Abstract

Introduction

Prior medication treatment for hypoactive sexual desire disorder (HSDD) in women has left about half the subjects without benefit. Lorexys (LOR), a proprietary combination of the stimulating/excitatory dopamine-norepinephrine reuptake inhibitor bupropion (BUP) and the sedating/inhibitory serotonergic agonist-antagonist trazodone (TRZ), was developed as a multifunctional solution for this problem.

Aim

Test efficacy, safety, and tolerability of LOR in a range of doses in a combined phase IB/IIA study in premenopausal outpatients with HSDD.

Methods

Otherwise healthy premenopausal women from 25–50 years of age with HSDD were tested in an open-label, active-control, one-way crossover study, with three 4-week treatments of extended-release TRZ and/or sustained-release BUP. Evaluations were made before and after each treatment.
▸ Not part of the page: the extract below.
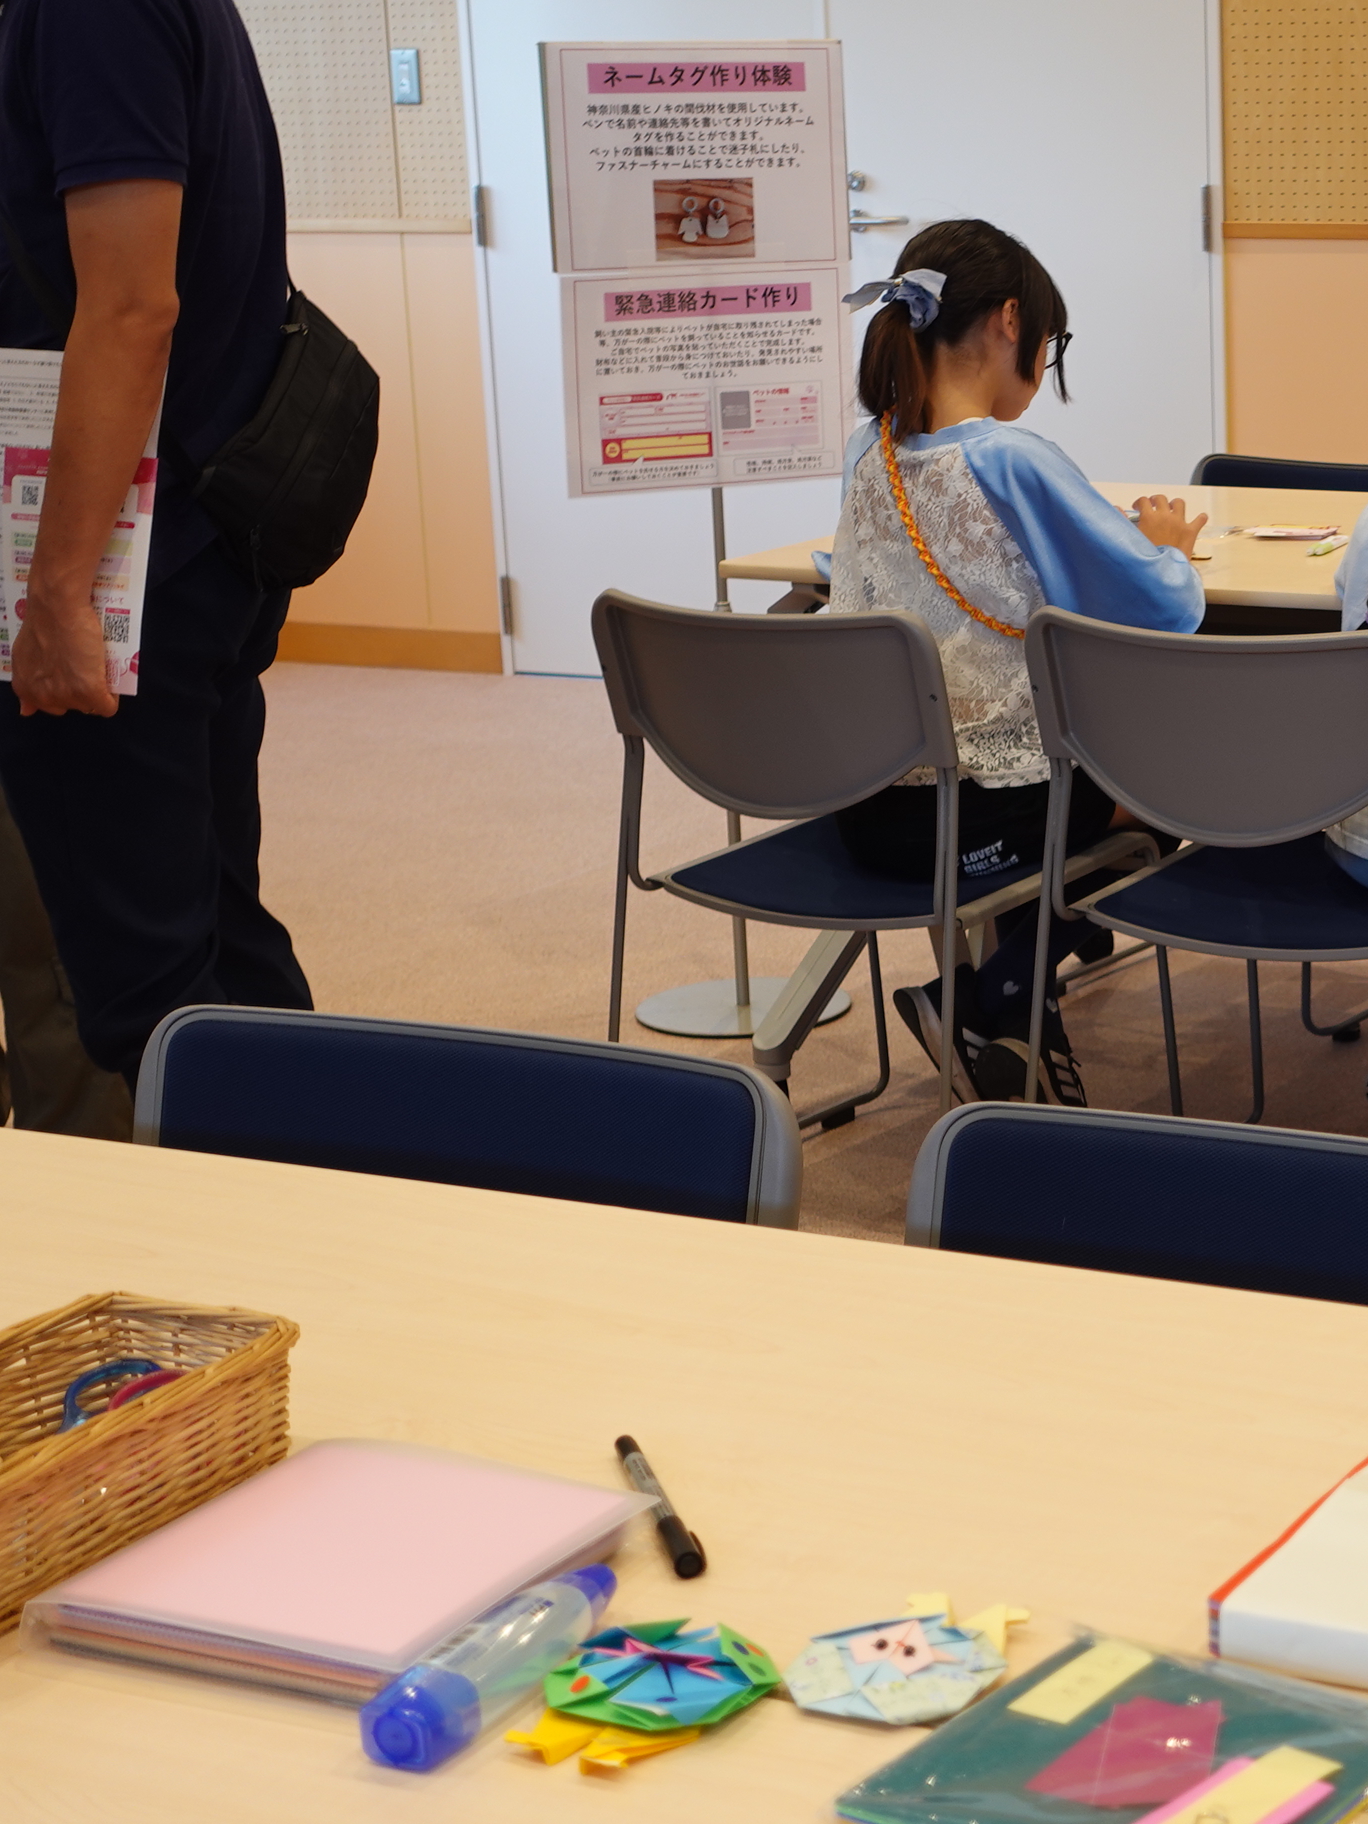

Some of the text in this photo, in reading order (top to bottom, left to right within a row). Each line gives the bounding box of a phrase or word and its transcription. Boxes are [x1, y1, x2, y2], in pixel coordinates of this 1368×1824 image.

A washout of at least a week followed each treatment. The order of treatments was a standard dose of BUP; a subtherapeutic dose of BUP and TRZ (LOR-low); and a threshold-therapeutic dose of BUP and TRZ (LOR-mod). A midpoint interim analysis was planned to consider adapting doses for efficacy or safety.

Main Outcome Measure

The primary efficacy measure was the Female Sexual Function Index, Desire domain; the main secondary efficacy measures included the Female Sexual Distress Scale-Revised 13th item, on bother about low desire, and a Patient’s Global Impression of Change. The main outcome comparison was the proportions of responders. Safety measures were elicited adverse events, Epworth Sleepiness Scale, Columbia Suicide Severity Rating Scale 6-item SCREEN version, vital signs, electrocardiograms, and standard laboratory tests.

Results

Interim analysis did not require altering doses. Most evaluable subjects responded to LOR-mod (at the standard thresholds for response based on minimum clinically relevant difference from baseline, 79% on Female Sexual Function Index, Desire domain, 87% on Female Sexual Distress Scale-Revised Item 13, and 79% on Patient’s Global Impression of Change; each P < .05 vs BUP). As expected, close to half responded to BUP (38%, 45%, and 52%, respectively). Response to LOR-low was intermediate (not significant vs BUP). Sensitivity analyses to compensate for carryover effects supported the efficacy of LOR-mod. Elicited adverse events showed the expected profile of TRZ, but led to no sedative-type dropouts or worsening on the Epworth Sleepiness Scale.

Clinical Implications

The open-label 1-way crossover design of this phase IB/IIA study limits conclusions, but the consistency of responder analyses showing superiority of LOR-mod dose over control, and the lack of central depressant dropouts, favor further development in double-blind placebo-control trials.

Strength & Limitations

Strengths include large margins of efficacy over control agent, rapid onset of action, and rigorous safety assessment. Limitations are open-label, cross-over design/lack of placebo control and 1-month duration of exposure.

Conclusion

Moderate-dose LOR was generally well-tolerated and was significantly more effective than BUP (active control). The results seem highly favorable compared to previously tested agents.